About a dozen countries also became democracies by the end of the 19th century, and 120 of the some 200 nations in the world now have some form of democratic government. The move to a democratic government will certainly increase as the world becomes even more of an electronic global village, and the advantages of democracy over autocracy become universally known.
No single formula exists for creating a democracy. A rigid formula misses the whole point of the enterprise. A democracy is a constantly unfinished process replete with challenges, and a continuing collaborative search for solutions. Our nation began with a determination to succeed as a democracy, and then worked collaboratively to temporarily solve each successive challenge it confronted. Every constitutional amendment and legislative act represents something that was previously wrong—or that once may have been, but is no longer, appropriate.
Democratic societies are thus characterized as much by disagreement as agreement because democracy empowers citizens to express their opinion—and they do. A democracy’s power and therefore its basic educational challenge is to help students develop social and democratic skills: (1) to master rational thought and discourse, (2) to learn how to disagree without being unduly disagreeable about it, and (3) to discover that integrating the best ideas of all participants into a consensual solution is better than centralizing decision—making. That’s the broad power and appeal of a democracy that must be passed on to each generation. We had been a democratic nation for 100 years before the philosopher John Dewey arrived to argue forcefully for a collaborative school that would explicitly demonstrate and teach the social knowledge and skills that citizens in a democracy need (Dewey,1916).

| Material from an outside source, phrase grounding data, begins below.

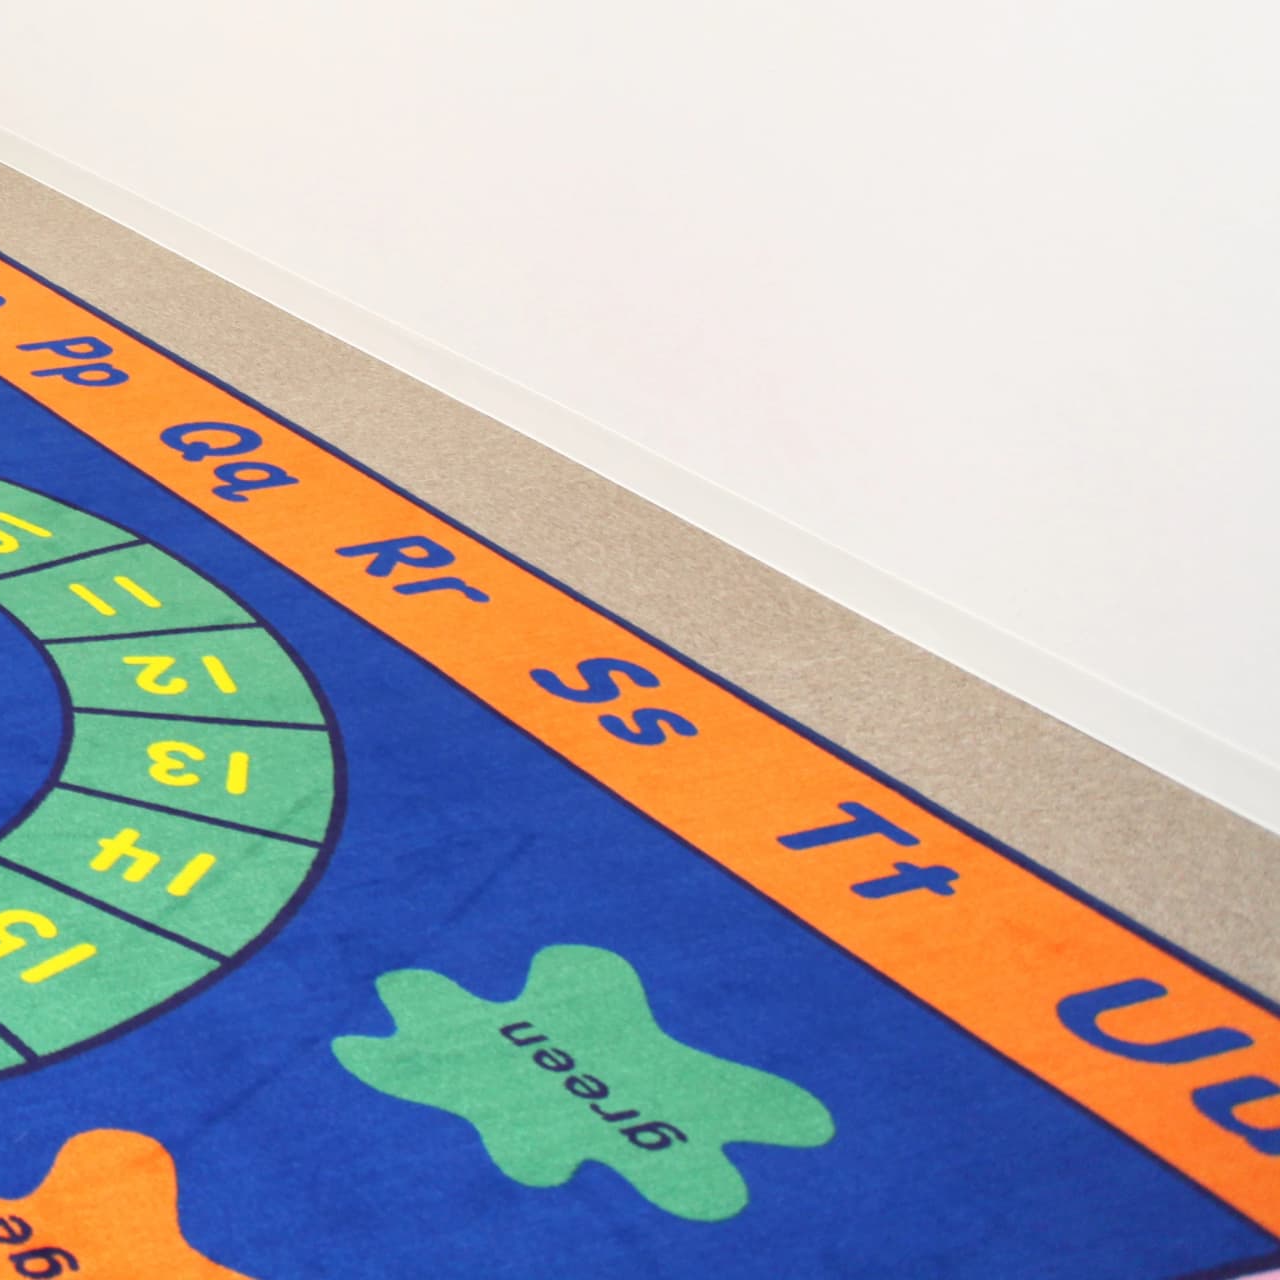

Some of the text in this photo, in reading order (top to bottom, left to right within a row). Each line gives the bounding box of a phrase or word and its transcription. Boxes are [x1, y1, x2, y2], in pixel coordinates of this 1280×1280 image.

[21, 338, 128, 385] Pp
[160, 422, 299, 501] Qq
[335, 536, 489, 602] Rr
[529, 657, 698, 746] Ss
[777, 801, 960, 899] Tt
[70, 577, 160, 615] 11
[124, 656, 236, 694] 12
[148, 741, 248, 794] 13
[91, 829, 215, 895] 14
[500, 1020, 688, 1151] green
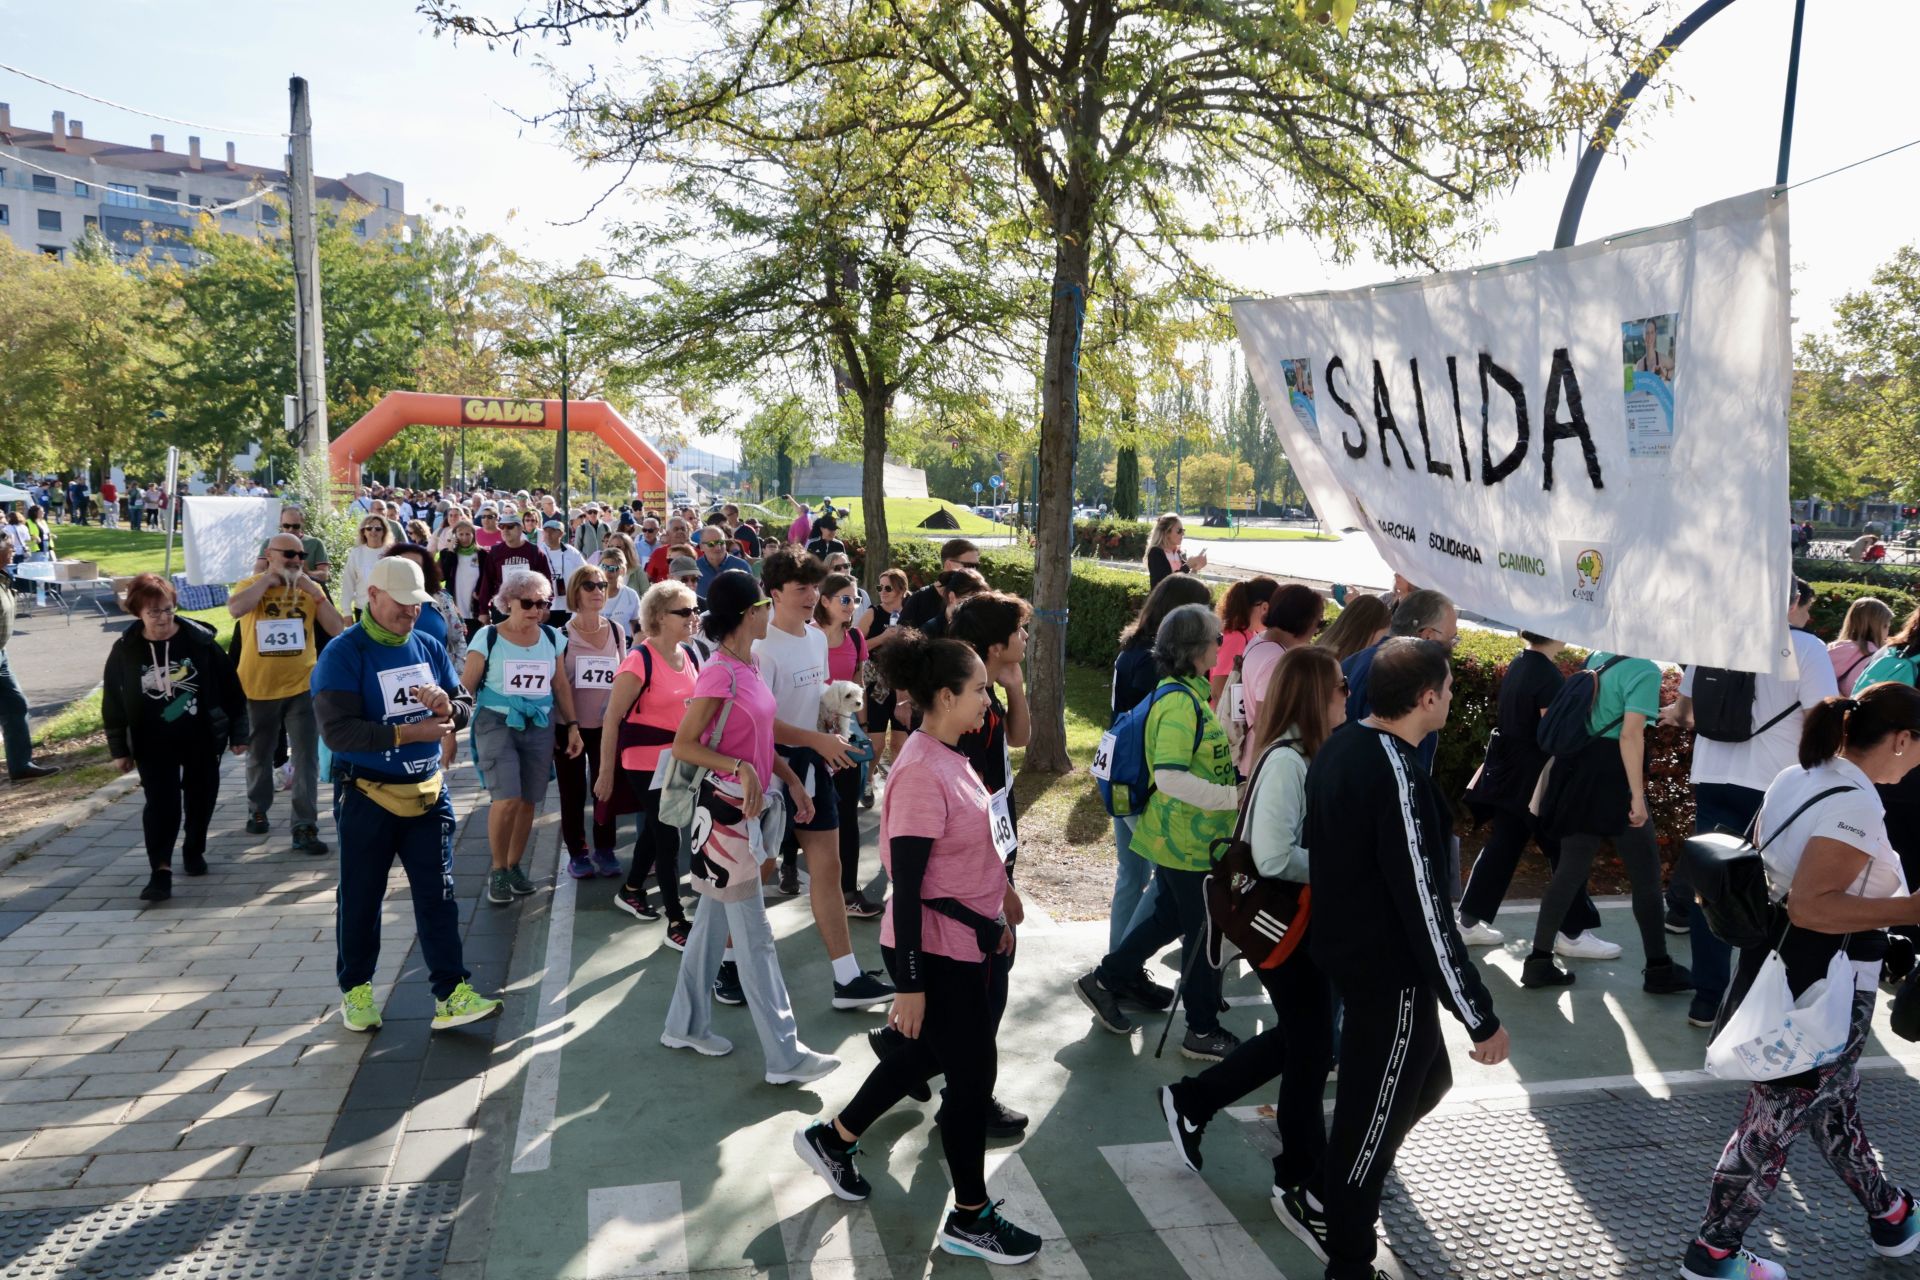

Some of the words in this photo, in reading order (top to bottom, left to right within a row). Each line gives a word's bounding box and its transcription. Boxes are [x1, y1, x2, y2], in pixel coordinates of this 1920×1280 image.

[465, 399, 545, 423] GADIS
[1326, 347, 1604, 491] SALIDA
[1429, 532, 1482, 565] SOLIDARIA
[1499, 551, 1546, 577] CAMINO
[265, 632, 298, 646] 431
[510, 675, 546, 689] 477
[582, 669, 614, 684] 478
[394, 683, 425, 706] 45

By the second half of the 20th century, an increasing number of educators realized that classroom management (which had been decidedly authoritarian) could be viewed as a curricular rather than an administrative function. A classroom could become a social laboratory in which students would collaborate on many of the mundane-to-important decisions that teachers typically make—and in the process develop the problem solving and negotiation skills that citizens in a democracy need (Sylwester, 2003).
School is the only institution in our society in which young folks interact for 13 years with many hundreds of non—kin at a similar developmental stage. What are the options for solutions to our cultural problems if our schools don’t explicitly develop social and democratic skills?
A result of the current standards and assessment focus is the test—driven drive for efficient individual performance. It’s achieved at the expense of social interaction and group decision-making that are central to the development of democratic skills. We’ve discovered during the past several years how important it is for our culture to understand and negotiate with other cultures.
We can begin to change the K-12 schooling this year’s kindergarteners will get by developing a more optimistic perspective (what’s the point of pessimism?), by inserting the exciting new scientific and technological advances into the curriculum (why wouldn’t we want students to become informed?), and by making classroom life democratic (isn’t it what we adults demand in the civic arena?).
John Dewey arrived 100 years ago with a 20/20 vision to connect formal education to the challenges of the 20th century.
21st Century John and Jane Deweys must similarly connect education to the 21st century challenges this year’s kindergarteners will confront. If educators and parents don’t demand a 21st century education for 21st century students, who will?